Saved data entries

..........

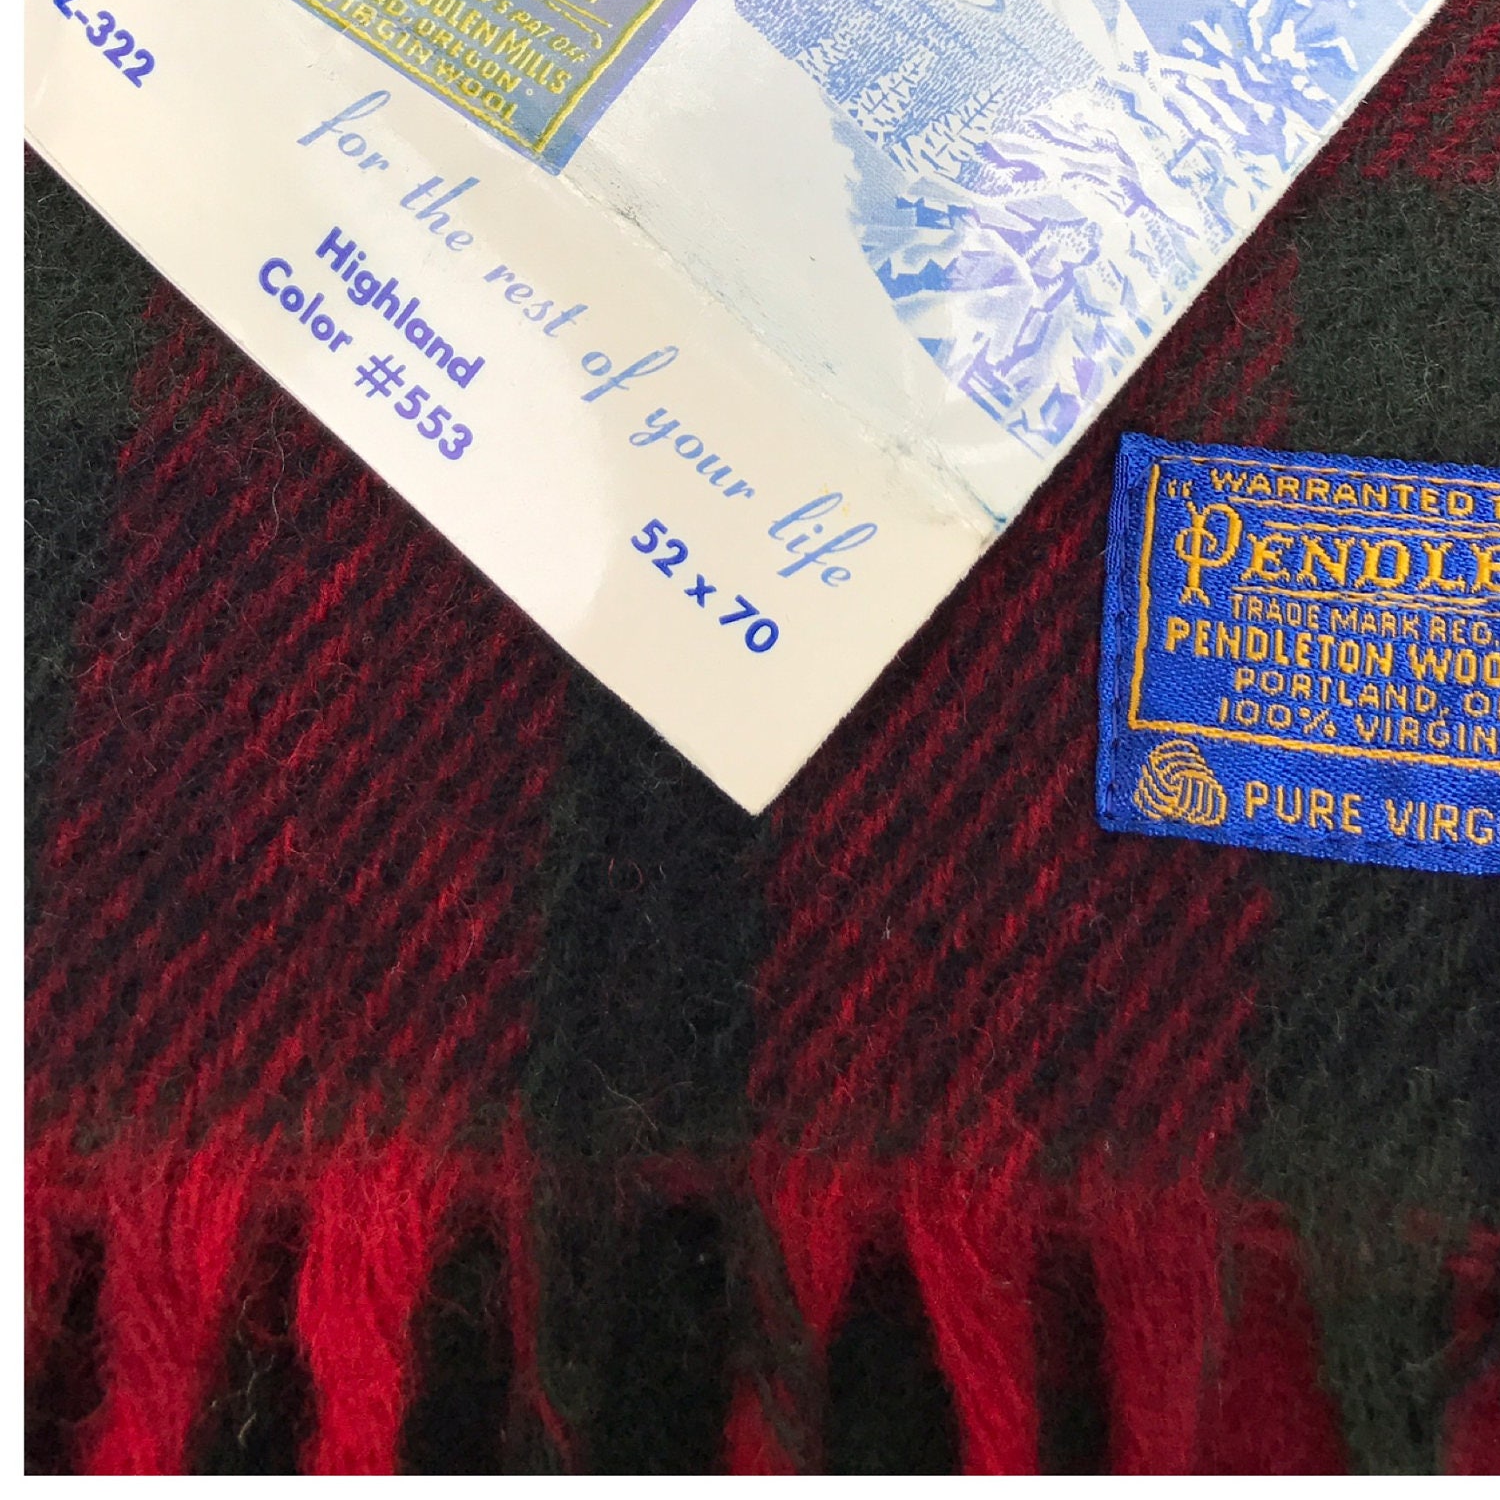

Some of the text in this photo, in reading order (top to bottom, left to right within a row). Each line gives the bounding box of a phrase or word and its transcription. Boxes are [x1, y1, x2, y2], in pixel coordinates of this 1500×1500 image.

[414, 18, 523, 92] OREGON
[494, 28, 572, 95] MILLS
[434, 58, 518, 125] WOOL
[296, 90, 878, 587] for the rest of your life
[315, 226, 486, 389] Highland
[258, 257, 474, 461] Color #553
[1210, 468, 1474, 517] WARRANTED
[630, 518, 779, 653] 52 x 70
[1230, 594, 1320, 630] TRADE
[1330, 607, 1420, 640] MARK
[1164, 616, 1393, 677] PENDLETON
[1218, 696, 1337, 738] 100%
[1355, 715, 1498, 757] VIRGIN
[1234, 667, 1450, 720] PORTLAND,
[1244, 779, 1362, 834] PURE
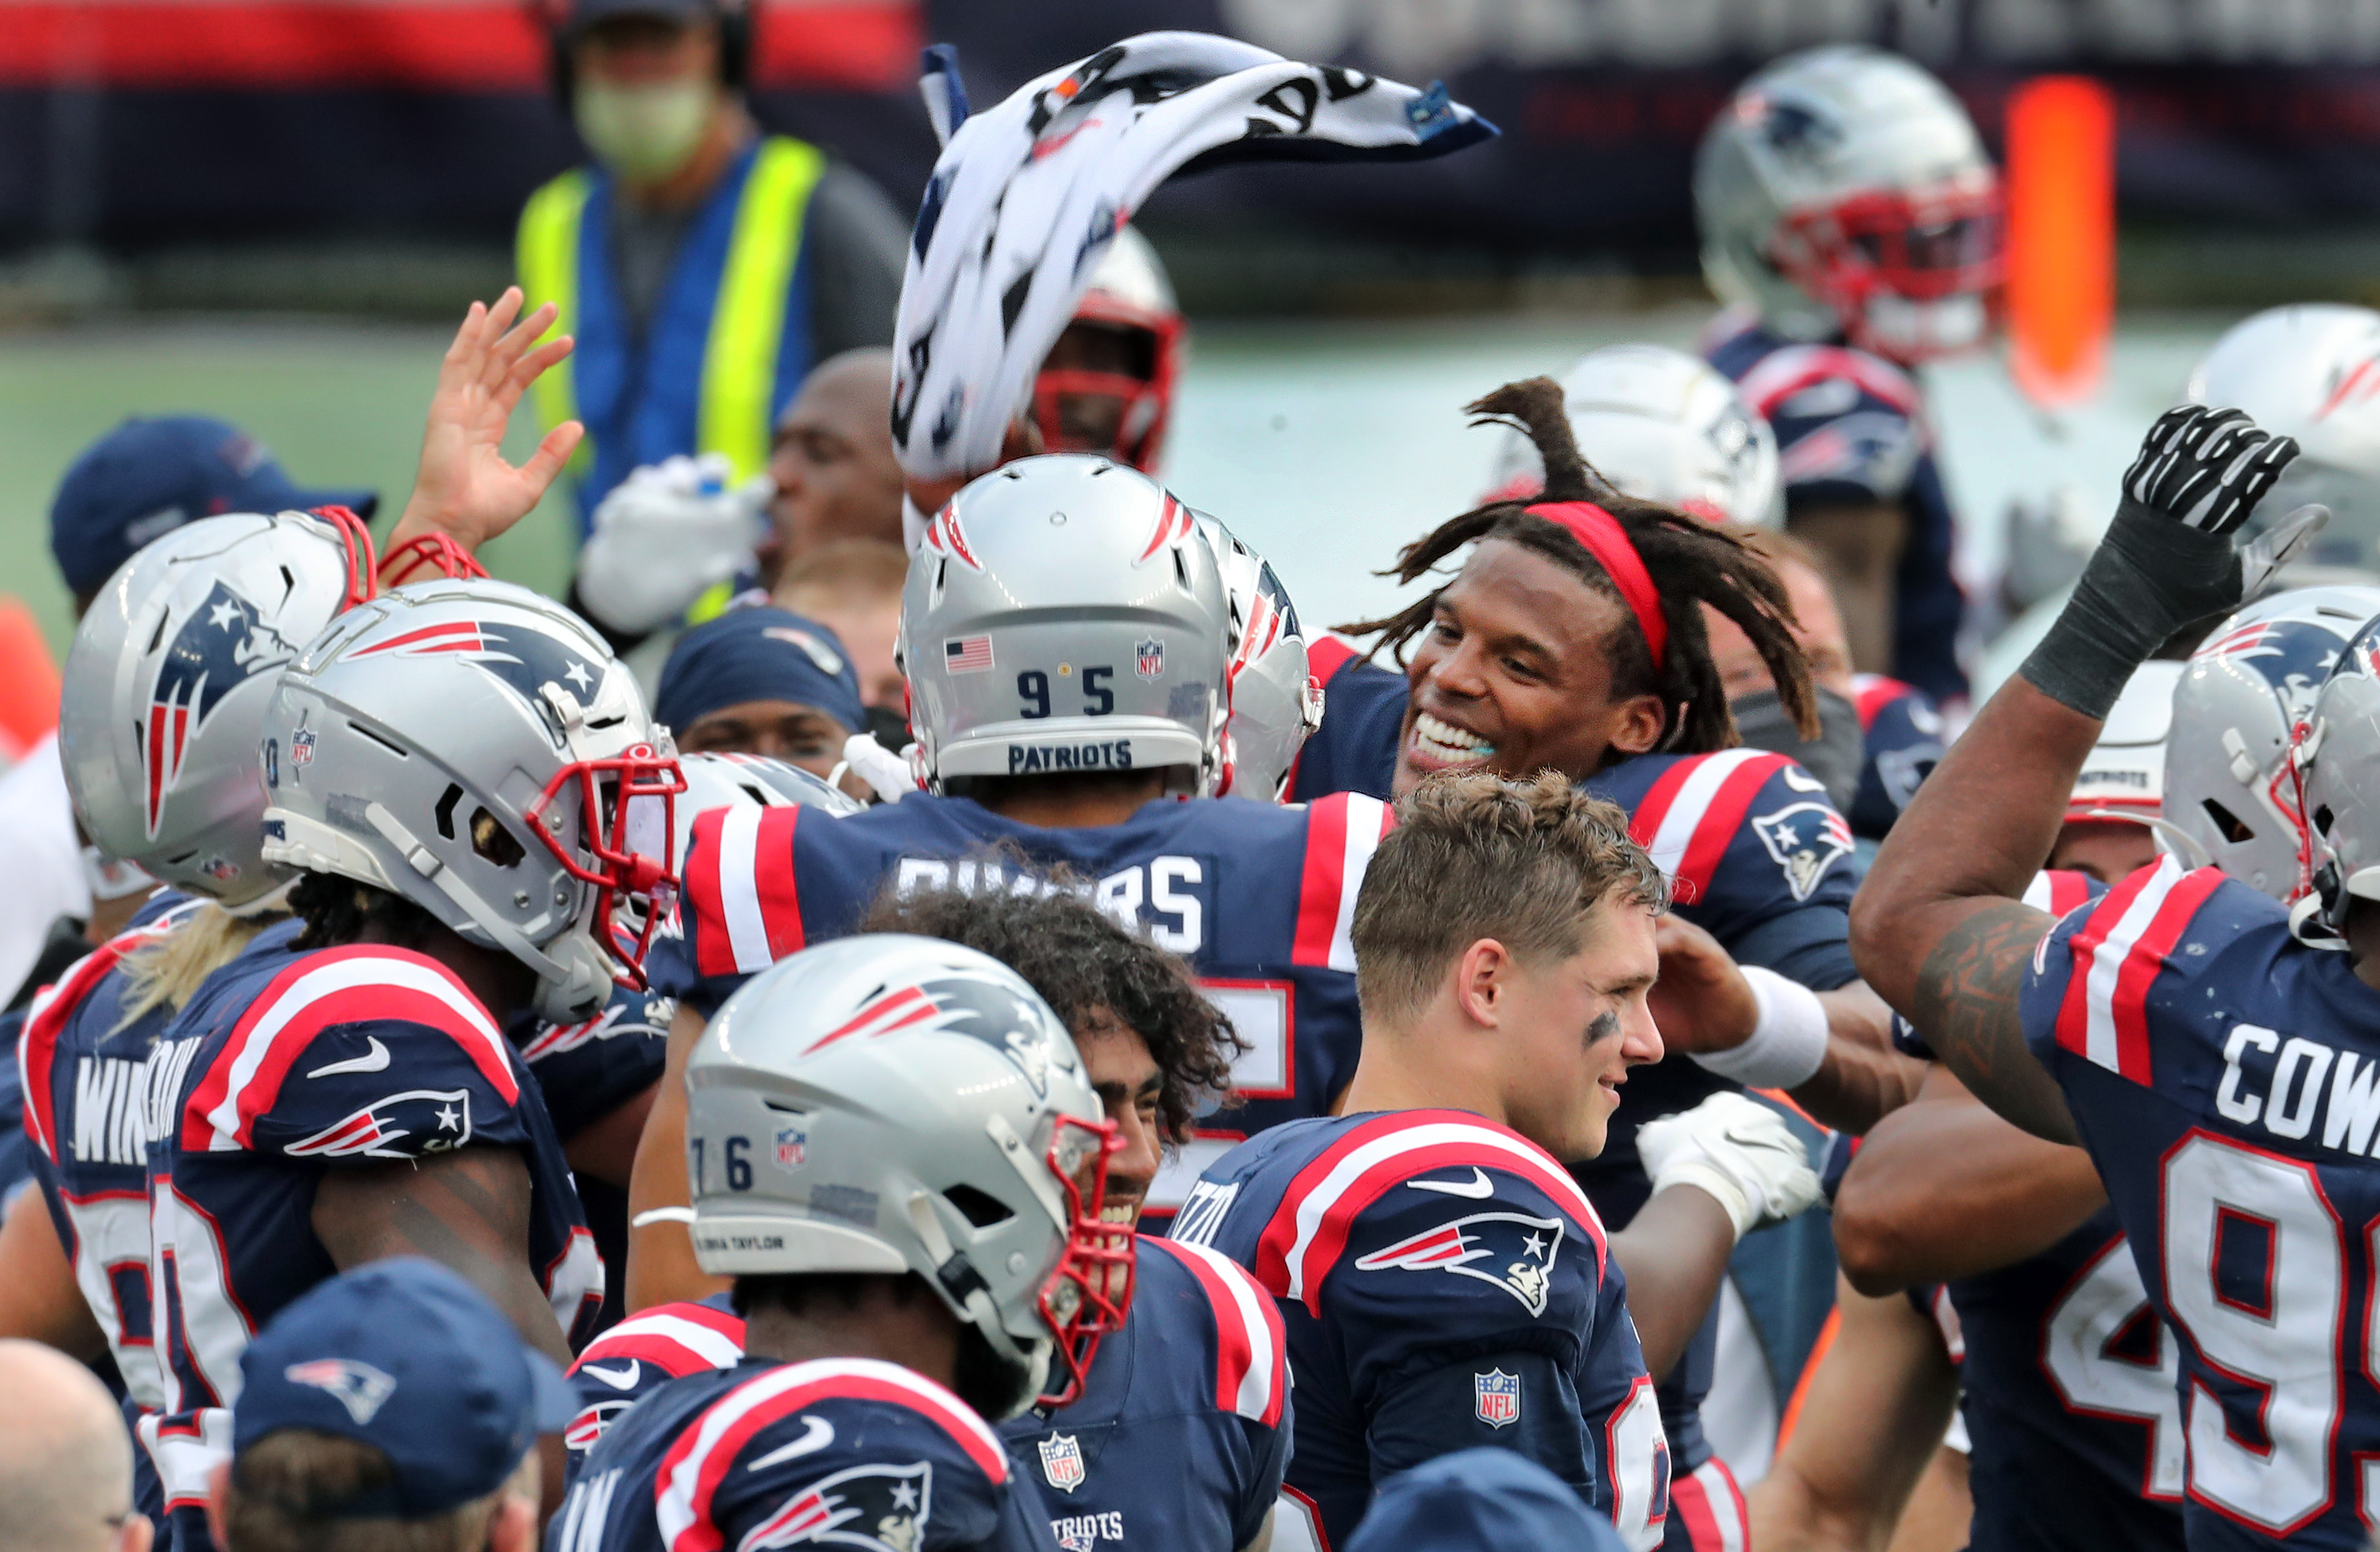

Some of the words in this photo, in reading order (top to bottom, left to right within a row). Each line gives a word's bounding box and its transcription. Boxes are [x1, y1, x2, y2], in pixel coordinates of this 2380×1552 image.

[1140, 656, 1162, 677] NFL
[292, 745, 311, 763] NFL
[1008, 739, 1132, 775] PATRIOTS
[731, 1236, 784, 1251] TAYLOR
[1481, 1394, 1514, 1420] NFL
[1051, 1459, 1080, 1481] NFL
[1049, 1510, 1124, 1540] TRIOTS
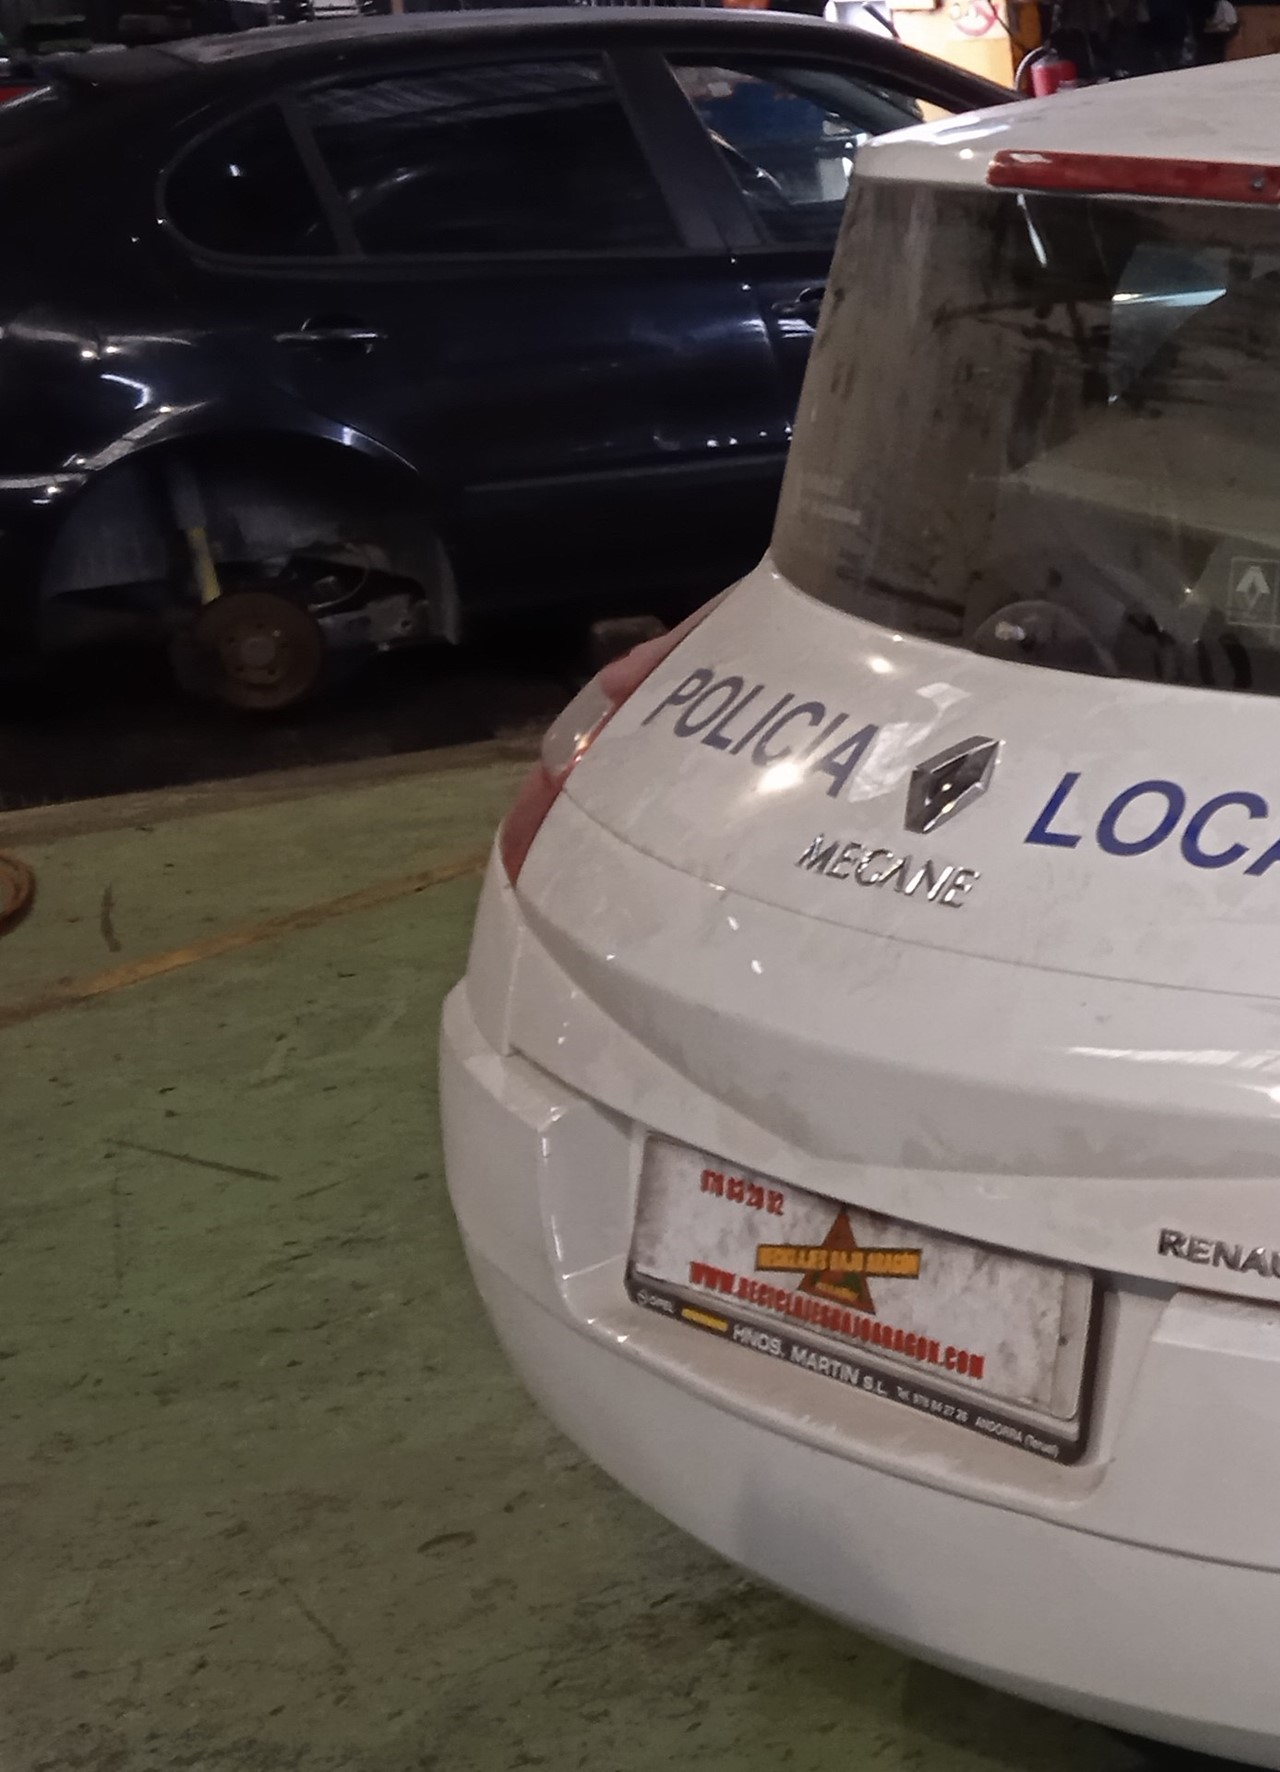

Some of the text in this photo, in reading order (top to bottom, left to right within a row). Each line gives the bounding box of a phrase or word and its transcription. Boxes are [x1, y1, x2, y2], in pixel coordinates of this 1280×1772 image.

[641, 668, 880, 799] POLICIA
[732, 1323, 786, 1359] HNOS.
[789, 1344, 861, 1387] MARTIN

..........

From the line holding "this 1280×1772 image." to the last line of the records, quote each line exactly and add nothing.

Some of the text in this photo, in reading order (top to bottom, left to right within a row). Each line gives the bounding box of a phrase or word and its transcription. Boxes are [x1, y1, x2, y2], in pixel coordinates of this 1280×1772 image.

[641, 668, 880, 799] POLICIA
[732, 1323, 786, 1359] HNOS.
[789, 1344, 861, 1387] MARTIN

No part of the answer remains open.